Back then, this was some serious visionary shit. The key word is “smokeless.” Translated, that meant “no offshore oil.” To this end, that same elite — names available upon request — convened a special meeting in Santa Barbara of the California Senate subcommittee with oversight on offshore oil development. The state senators were wined and dined and shown the sights. Very quickly, a bill was passed and signed by the governor banning any new offshore oil development in state waters along Santa Barbara’s coast.
My point here is that concern about offshore oil predates the now fabled Oil Spill of 1969 by about 15 years. It predates the infamous spill off the Gaviota Coast in 2015 by about 60 years. So, yes, oil is very much woven into Santa Barbara’s past. But so too is opposition to it.
Sable Offshore — a brand-new oil company run by very smart guys who seem intent on stepping on as many toes as possible — are now threatening to build a massive storage, processing, loading, and transport facility way out in federal waters if the myriad state agencies don’t hop to and give them what they want. That would be the permits needed to reactivate their three offshore platforms and the pipeline needed to get that oil to market. In some quarters, this is known as “the nuclear option.”
Given the current occupants of the White House, there’s little doubt Trump and company would jump at the chance. This, in turn, would force Governor Gavin Newsom off the sidelines, where he’s been since the battle over Sable began, to start supporting the state’s regulatory authority and to a lesser extent, the county of S.B.

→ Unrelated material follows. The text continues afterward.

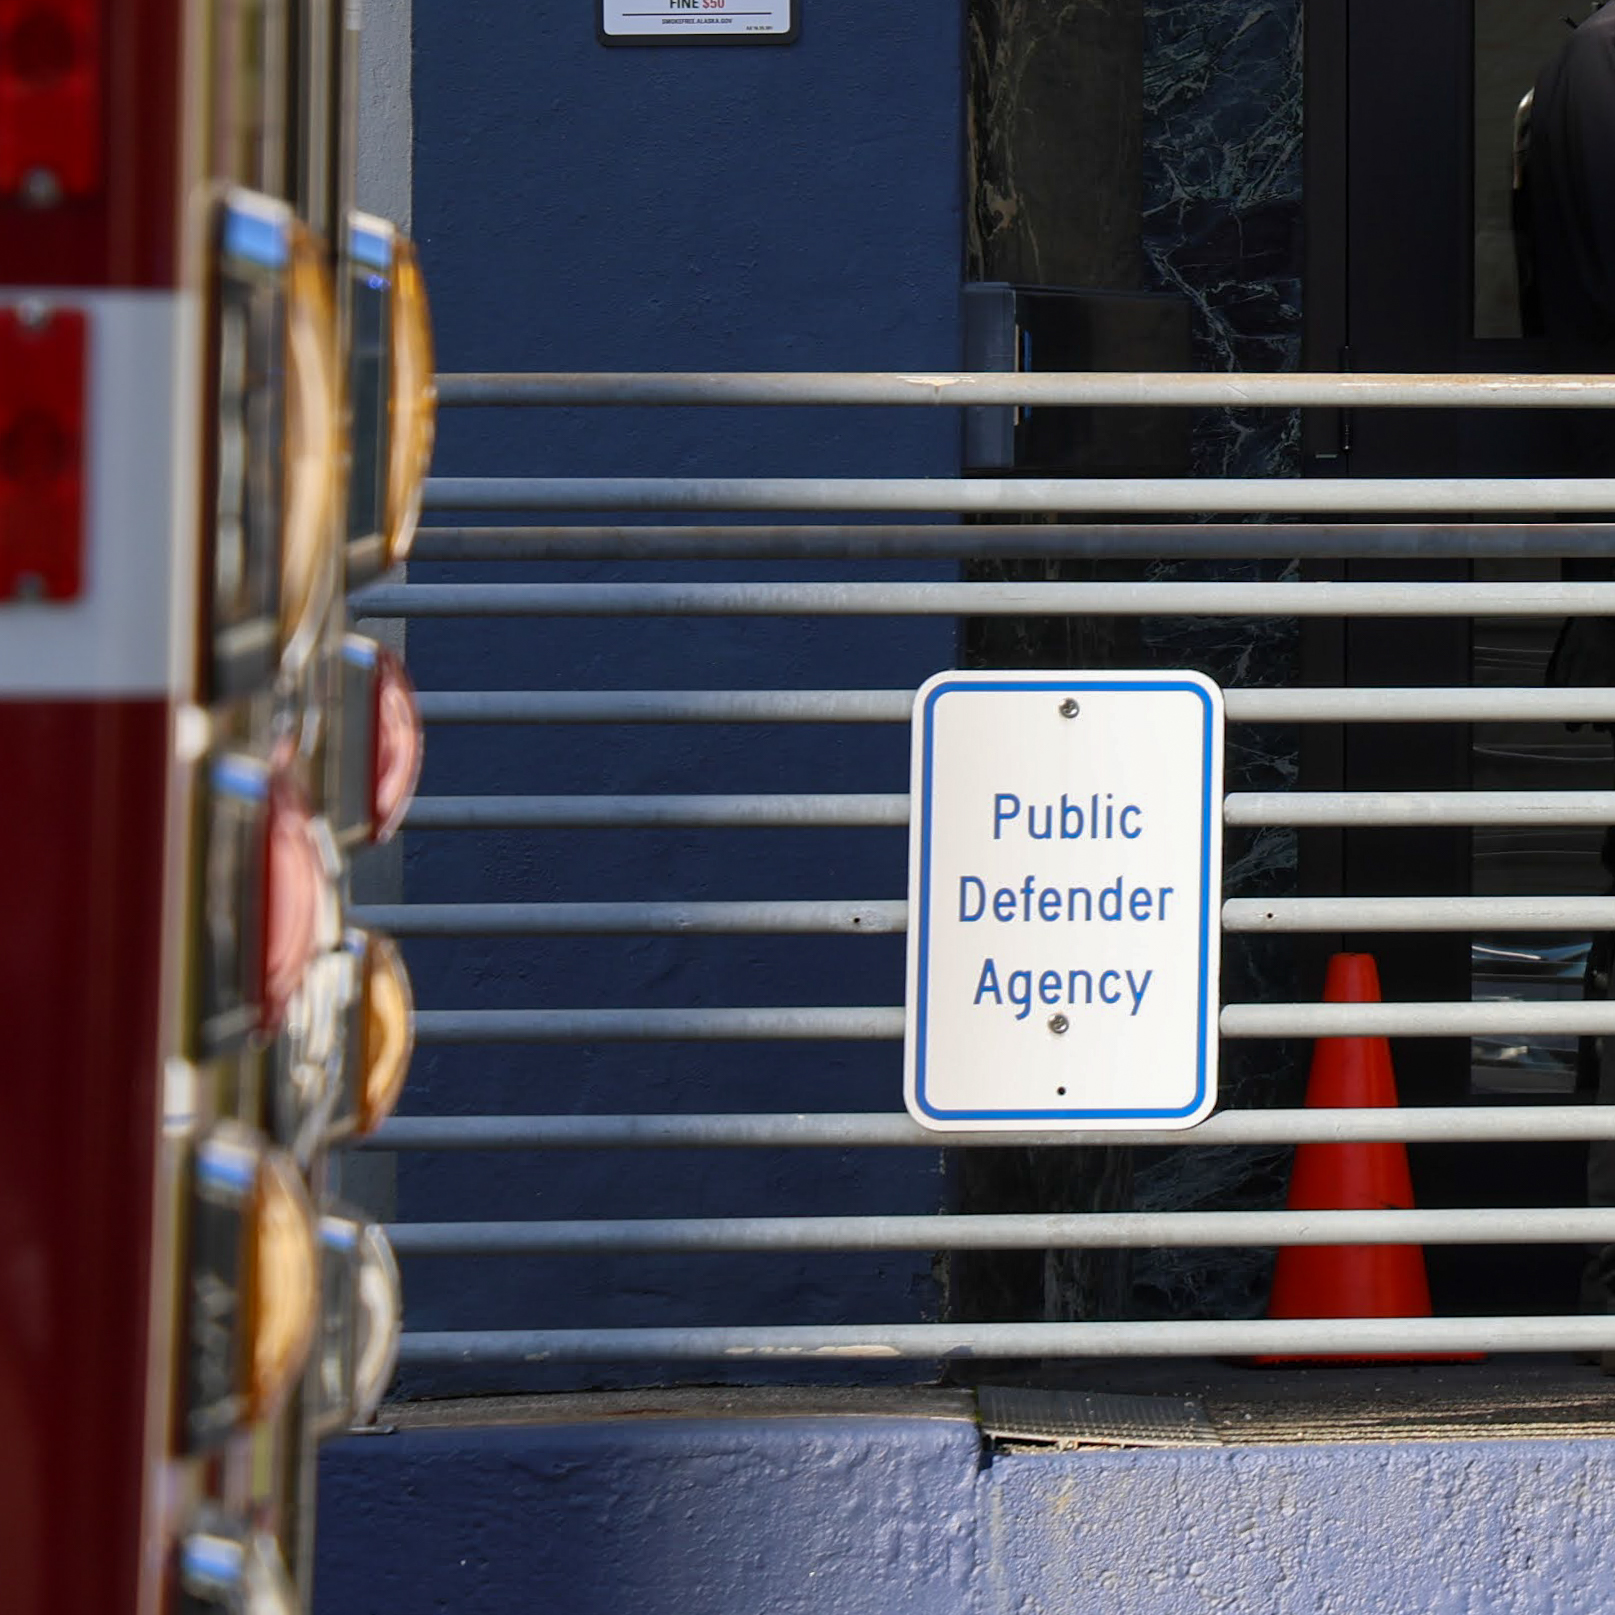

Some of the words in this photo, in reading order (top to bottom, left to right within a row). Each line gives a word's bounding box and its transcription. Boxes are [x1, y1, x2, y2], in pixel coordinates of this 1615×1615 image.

[992, 792, 1142, 840] Public
[959, 875, 1174, 923] Defender
[973, 957, 1153, 1021] Agency

My hunch is that Sable’s threat is an empty one. The cost of building such a facility — the environmental concerns being air pollution, tanker traffic, and the prospect of uncontrollable oil spills on the high seas — would be enormous. And it would push Sable’s optimistic production deadlines well past the breaking point.
Sable can moan about the political fix being in, but when the local DA files 21 criminal charges against you for doing work without permits, and a state agency fines you $18 million for being a dick, you might want to look in the mirror.
What mystifies me most about the company’s brass-knuckle approach is just how adroitly the executives now running Sable — Steve Rusch and Jim Flores, who were then working for a company called PXP — successfully negotiated an exceptionally controversial deal with local environmentalists back in 2008 to endorse an even more controversial plan to allow new drilling in state waters off the coast of Vandenberg.
A coalition of 40 enviro organizations held a press conference — I covered it — and announced that they were affirmatively endorsing the oil proposal. Why? Because PXP, through Rusch and Flores, promised to put 3,700 acres of undeveloped land into a preservation easement, set aside 200 acres of Gaviota Coast for public use, and to spend untold dollars on carbon-emission-control technology, such as low carbon public transportation buses. And they agreed to a drop-dead date to shut down oil drilling: 2022.
That proposal, it should be noted, blew up in everyone’s faces. The State Lands Commission torpedoed the plan, arguing the drop-dead date — perhaps the lynchpin to the deal — was not legally enforceable.
Things have changed. Climate change is no longer merely a theoretical threat; it’s right here, right now, chomping our collective asses. No sweeteners Sable offered would ever have won over Santa Barbara’s environmentally minded community. Accordingly, Sable made a strategic decision not to engage.
Understandable but wrong. The company still needed to convince us that the old, pitted, corroded pipeline could be repaired to a safe level, that future spills could be much better contained, and that the company had deep enough pockets to clean up any messes that will inevitably ensue.
Sable left all that to the State Fire Marshal, who famously engages with the public even less than Sable.
Bad call.
When I got back from the beach that morning, I looked up the word “sable.” If I got it right, “sable” is French for “black” — as in the color of some furs. It alludes in some indirect fashion to lots of dead animals, killed in the harvesting of fur.
Black? Dead animals?
Dawn cracks. The day breaks. And the stars will always sparkle. But who chooses a name like that for an oil company?